Abstract
The human brain undergoes continuous structural changes throughout the lifespan, driven by a complex
interplay of aging processes, environmental influences, and disease-related mechanisms. Patterns of structural change—particularly atrophy associated with tissue loss and shrinkage—emerge gradually over time
and are observable using medical imaging techniques. While these changes are shaped by common biological mechanisms, they are also highly individualized, influenced by factors such as lifestyle, and neurological
conditions like Alzheimer’s Disease (AD), Parkinson’s disease, tumors, and stroke. Understanding the progression of these changes—both at the individual level and across populations—is critical for advancing our
knowledge of healthy aging and the dynamics of neurodegenerative disease.

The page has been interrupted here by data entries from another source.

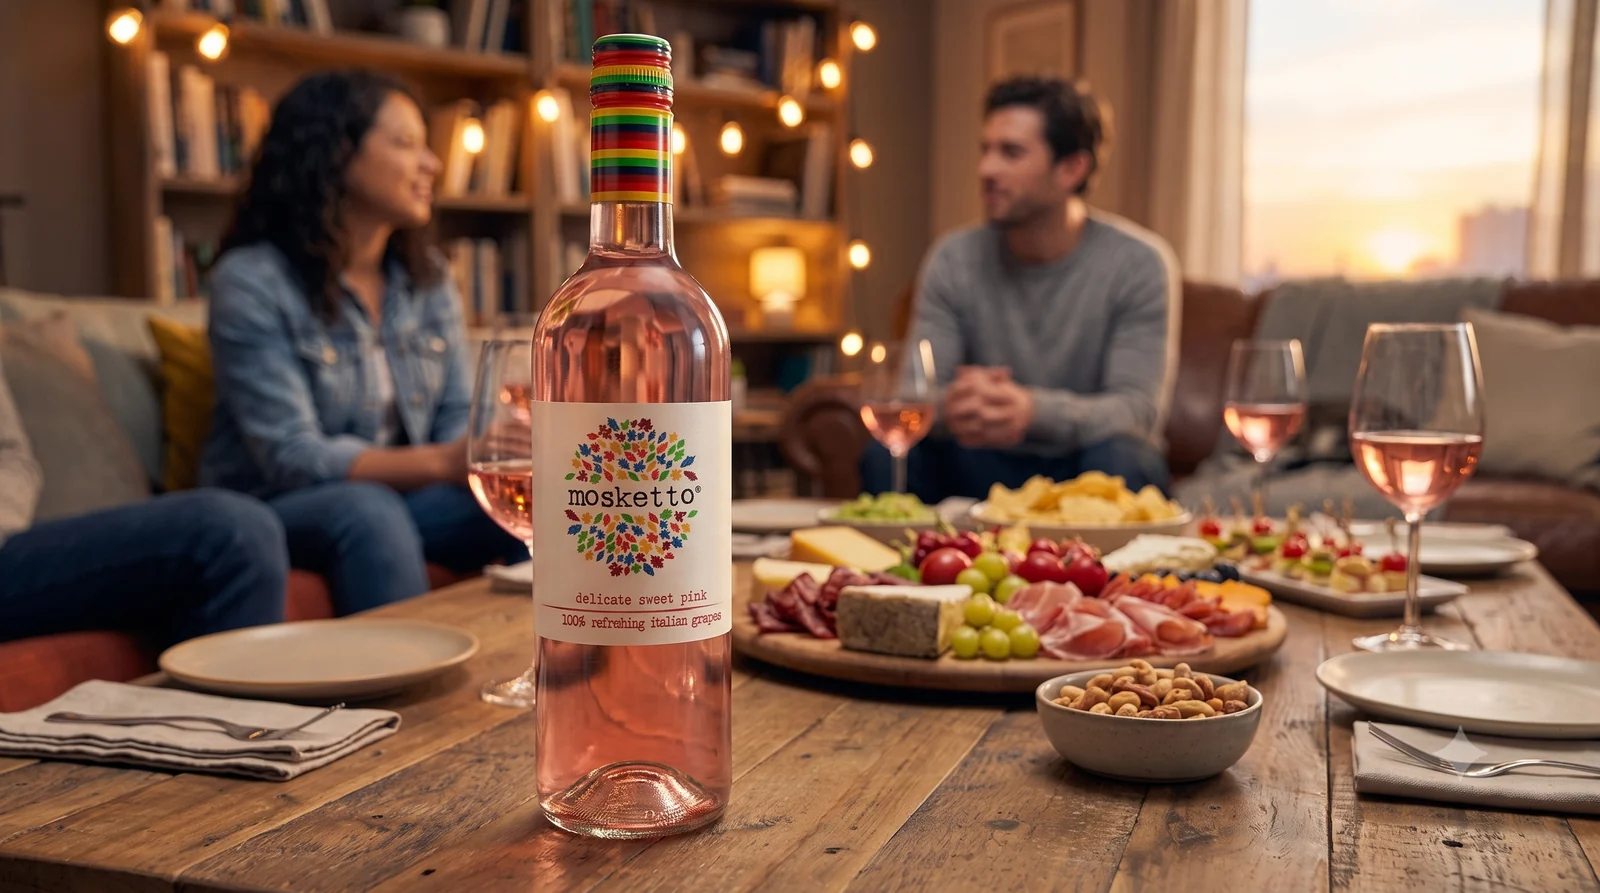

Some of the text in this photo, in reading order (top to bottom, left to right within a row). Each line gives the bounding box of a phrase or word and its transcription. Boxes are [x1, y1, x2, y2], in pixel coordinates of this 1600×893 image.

[575, 590, 708, 606] delicate sweet pink
[562, 614, 586, 627] 100%
[650, 615, 688, 629] italian
[691, 611, 722, 628] grapes
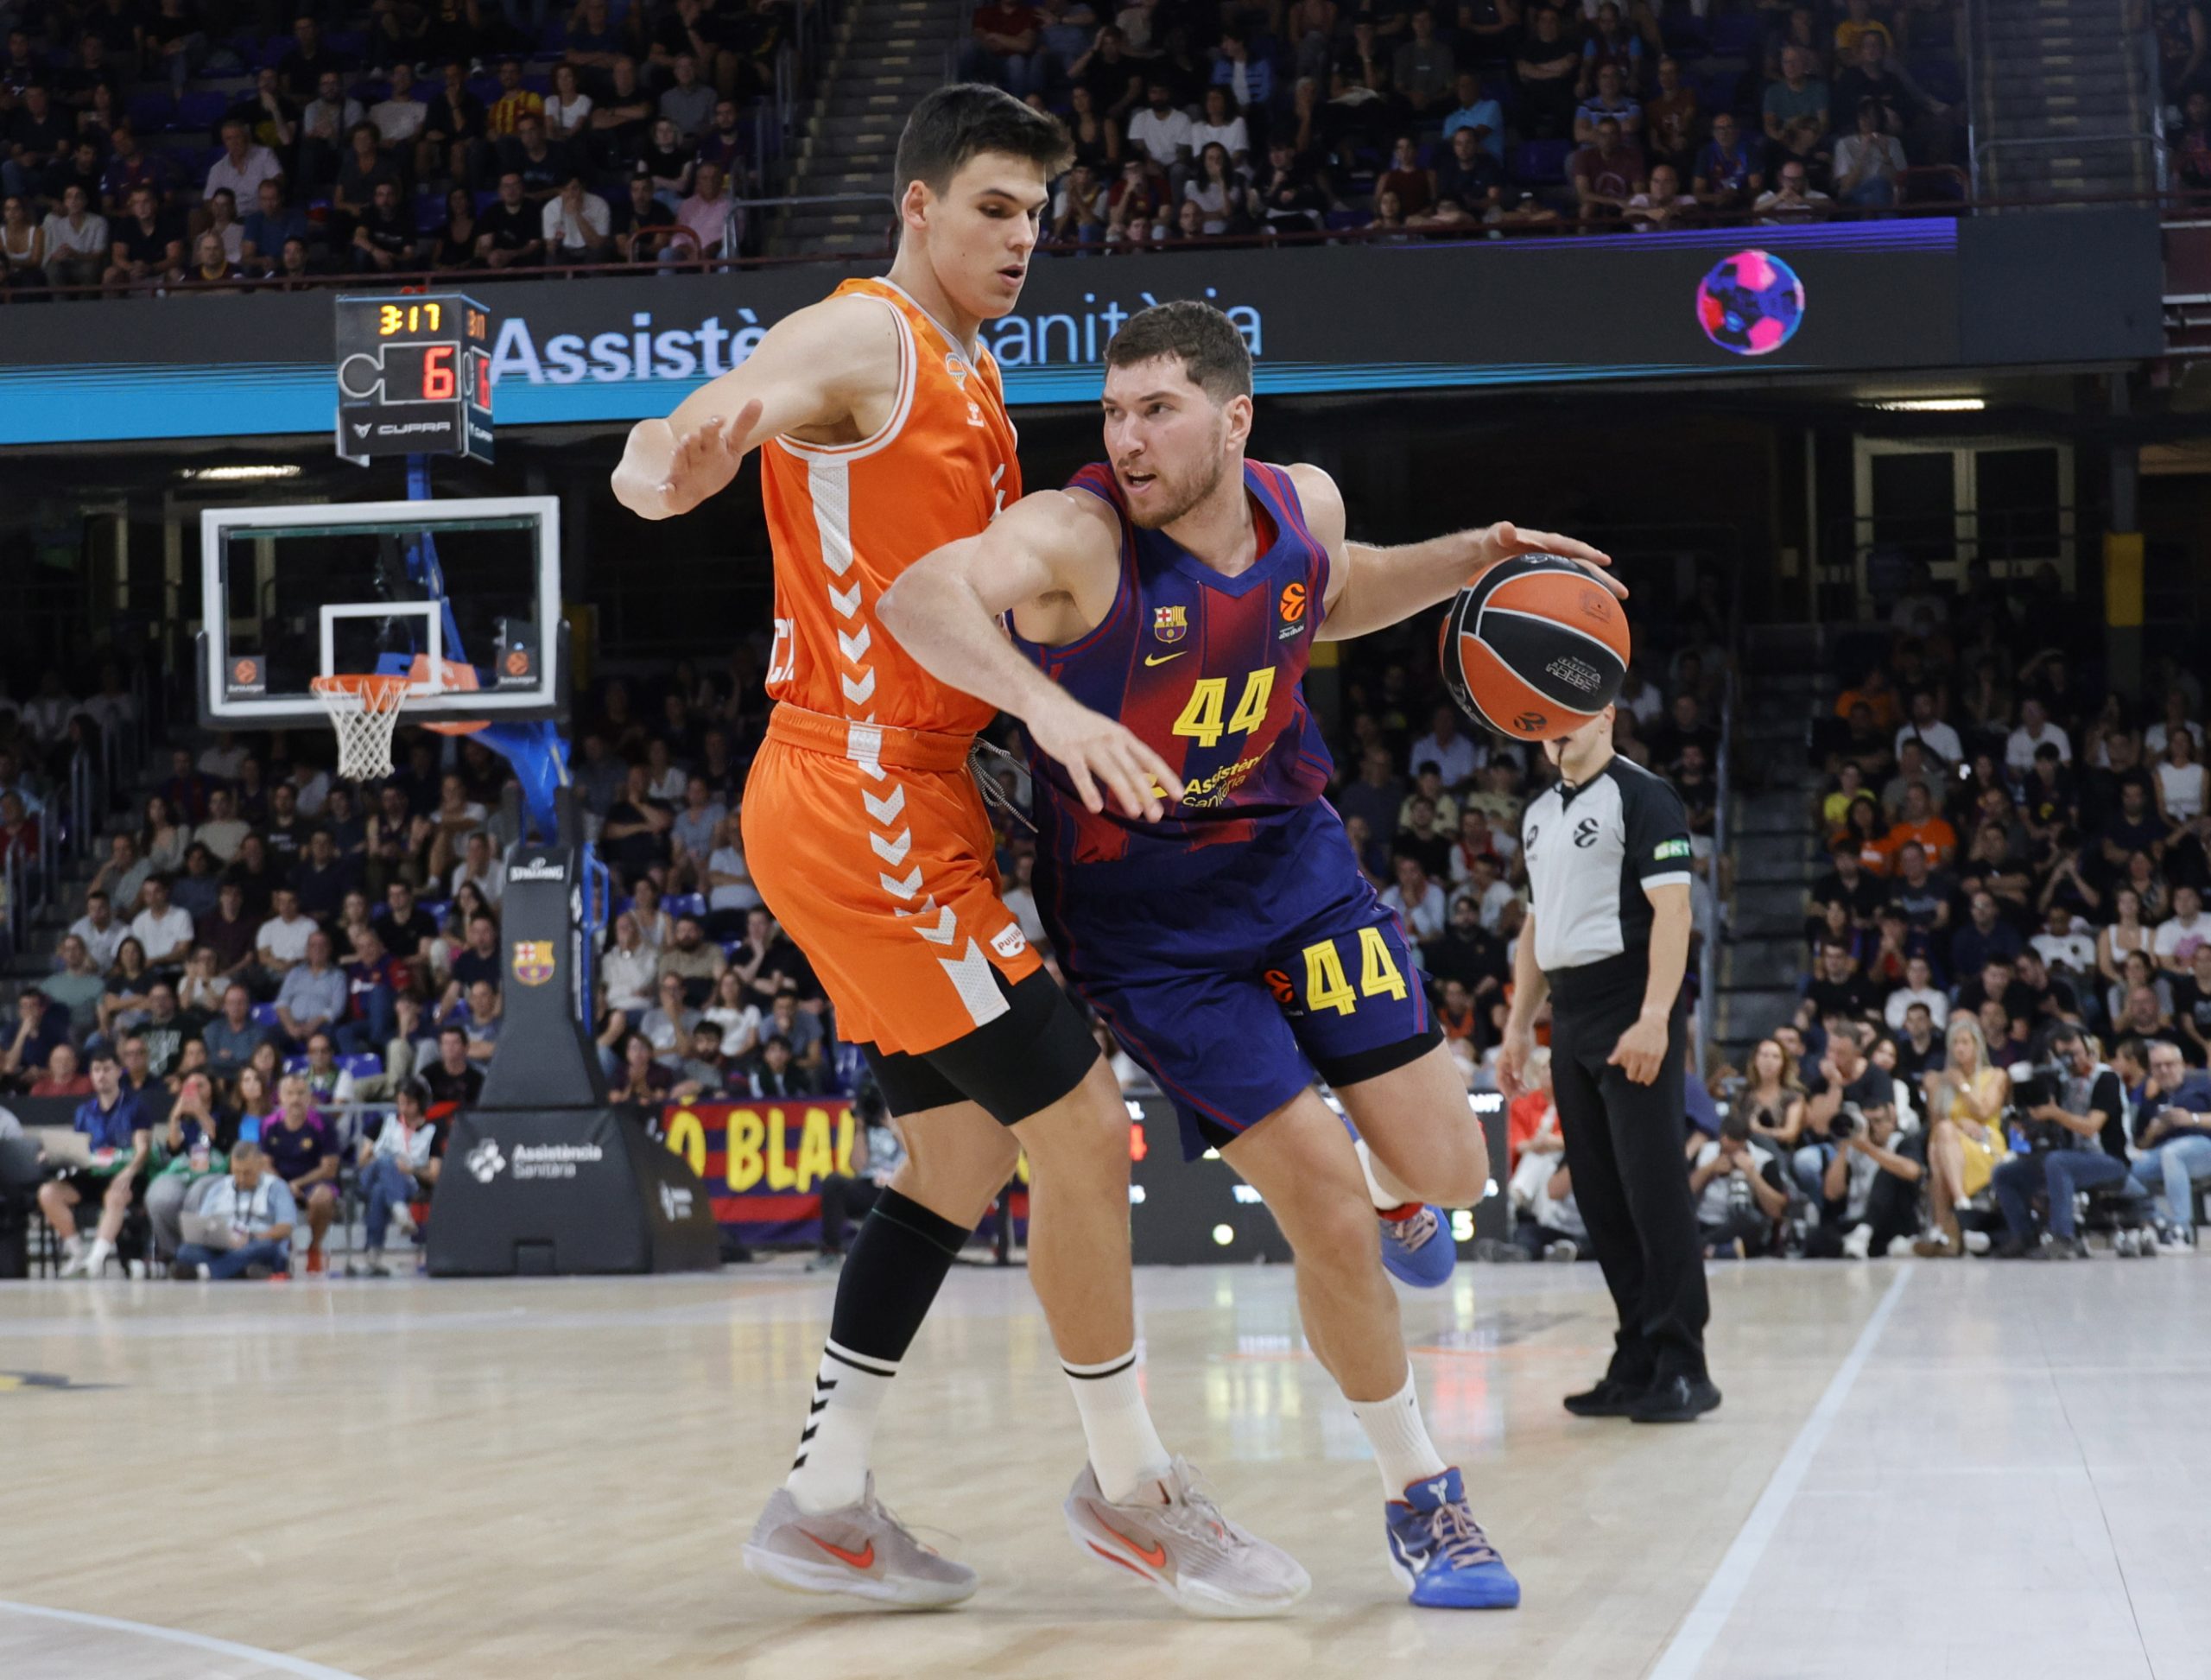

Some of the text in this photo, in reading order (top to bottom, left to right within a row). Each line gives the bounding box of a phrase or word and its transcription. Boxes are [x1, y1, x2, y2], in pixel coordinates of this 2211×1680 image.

[422, 347, 454, 399] 6
[377, 421, 451, 435] CUPRA
[1172, 666, 1276, 747] 44
[510, 865, 565, 882] SPALDING
[1302, 927, 1409, 1016] 44

To study how brain structure evolves over time, researchers rely on longitudinal neuroimaging: repeated
imaging of the same individuals at multiple timepoints. Unlike cross-sectional imaging, which captures a
single snapshot per subject, longitudinal scans provide a temporal sequence that enables direct observation
of anatomical trajectories. These sequences allow for the measurement of rates of change, identification of
early biomarkers, and modeling of disease progression in a subject-specific manner.

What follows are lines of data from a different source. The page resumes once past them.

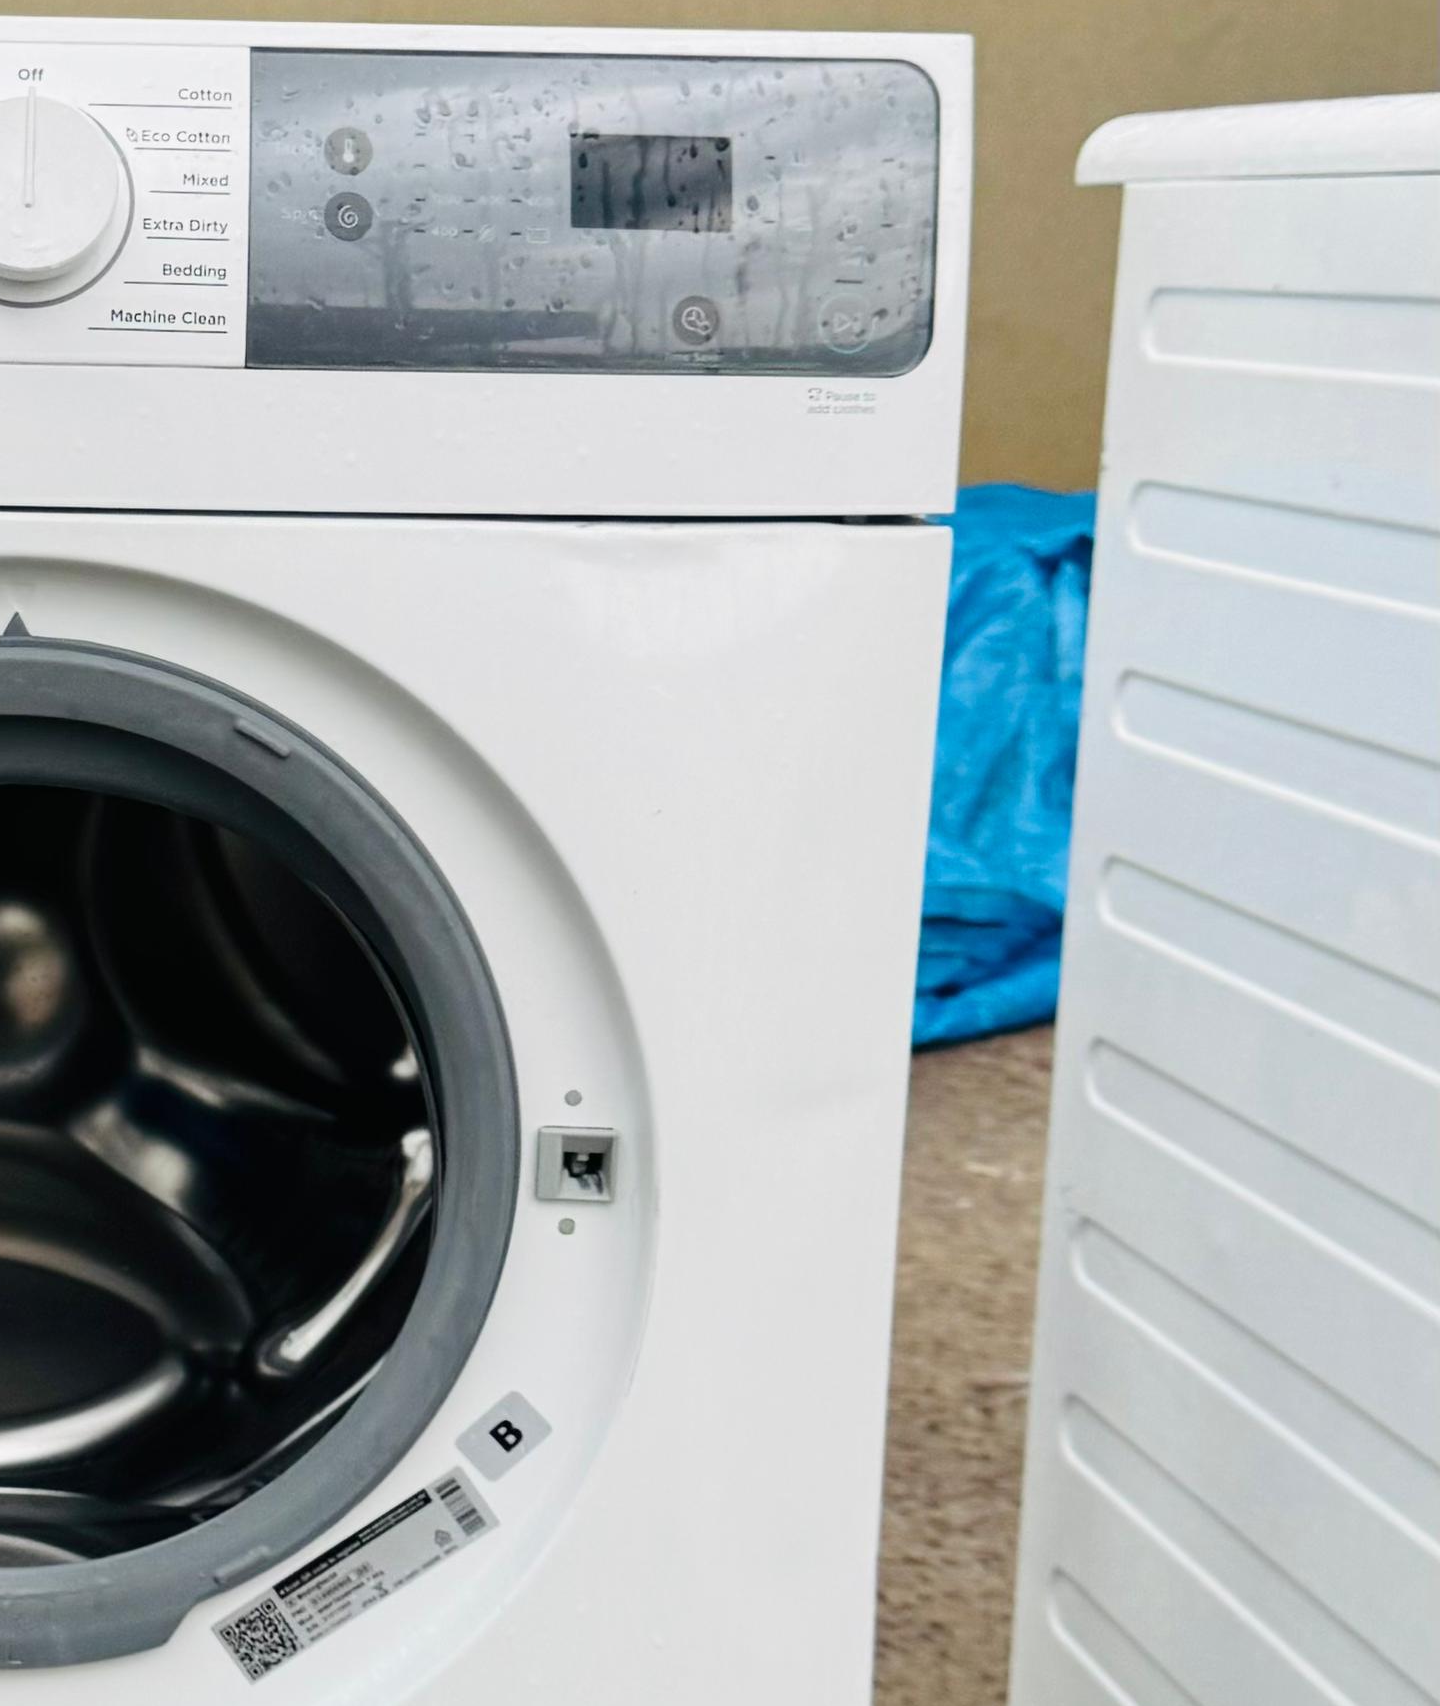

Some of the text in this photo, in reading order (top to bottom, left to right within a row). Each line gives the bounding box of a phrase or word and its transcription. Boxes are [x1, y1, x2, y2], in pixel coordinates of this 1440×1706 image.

[18, 68, 44, 82] Off
[178, 87, 232, 102] Cotton
[141, 129, 231, 144] Eco Cotton
[183, 173, 229, 187] Mixed
[142, 217, 228, 235] Extra Dirty
[162, 263, 227, 281] Bedding
[110, 309, 226, 326] Machine Clean
[489, 1420, 523, 1453] B

However, acquiring complete longitudinal datasets in practice remains challenging. Subject dropout,
missed clinical visits, and protocol variability often result in missing scans, interrupting the temporal continuity required for accurate modeling. These gaps limit the effectiveness of methods that rely on temporally
complete inputs and can bias downstream analyses. Imputing the missing scan to complete the subject’s
imaging timeline is therefore a critical step toward enabling robust longitudinal modeling and improving
our understanding of neurodegenerative processes.
This thesis addresses the challenges of modeling and analyzing longitudinal brain changes by developing anatomically grounded methods for data imputation, latent space disentanglement, and downstream
trajectory analysis. We first introduce SynBADD, a deformation-based framework that synthesizes missing brain scans by predicting physiologically plausible stationary velocity fields (SVFs)—parametric fields
that encode smooth, invertible deformations over space and time—rather than directly generating full image
intensities. By operating in the deformation space, SynBADD preserves anatomical coherence and spatial
fidelity while mitigating the artifacts typically associated with intensity-based synthesis approaches.
Building on this foundation, we propose DIVA, a metadata-informed variational autoencoder designed
to learn a temporally disentangled latent space for modeling brain morphological changes. DIVA is trained
on synthetically augmented Stationary Velocity Fields (SVFs), enriching intra-subject variation and improving the model’s capacity to generalize across limited real-world samples. Age, disease label, and temporal information are explicitly disentangled through conditional bottleneck supervision, allowing the learned latent representations to reflect meaningful clinical and chronological factors. This disentanglement enhances
temporal predictability, supports more accurate subject-specific trajectory modeling, and enables the use of
powerful transformer-based architectures for latent space interpolation and prediction.
We further extend our analysis in an “Analysis by Synthesis” framework, investigating how metadatainformed conditioning affects generation quality and how different temporal reasoning strategies (past-only,
future-only, and bidirectional) impact anatomical plausibility. We perform trajectory-based analyses of generated scans, evaluating how well imputed data aligns with true subject-specific anatomical trends across
key regions of interest (ROIs) such as the hippocampus and parahippocampus. Additionally, we assess
subgroup differences by age, sex, and disease status, and evaluate downstream task performance with and
without synthetic imputation.
Through comprehensive evaluations on the Alzheimer’s Disease Neuroimaging Initiative (ADNI) longitudinal dataset, our approaches achieve substantial improvements over state-of-the-art baselines in both
image fidelity and clinically relevant anatomical accuracy. Beyond technical advancements, this work provides new insights into the modeling of individualized brain aging patterns and opens pathways for data
augmentation in clinical studies where longitudinal completeness is often unattainable.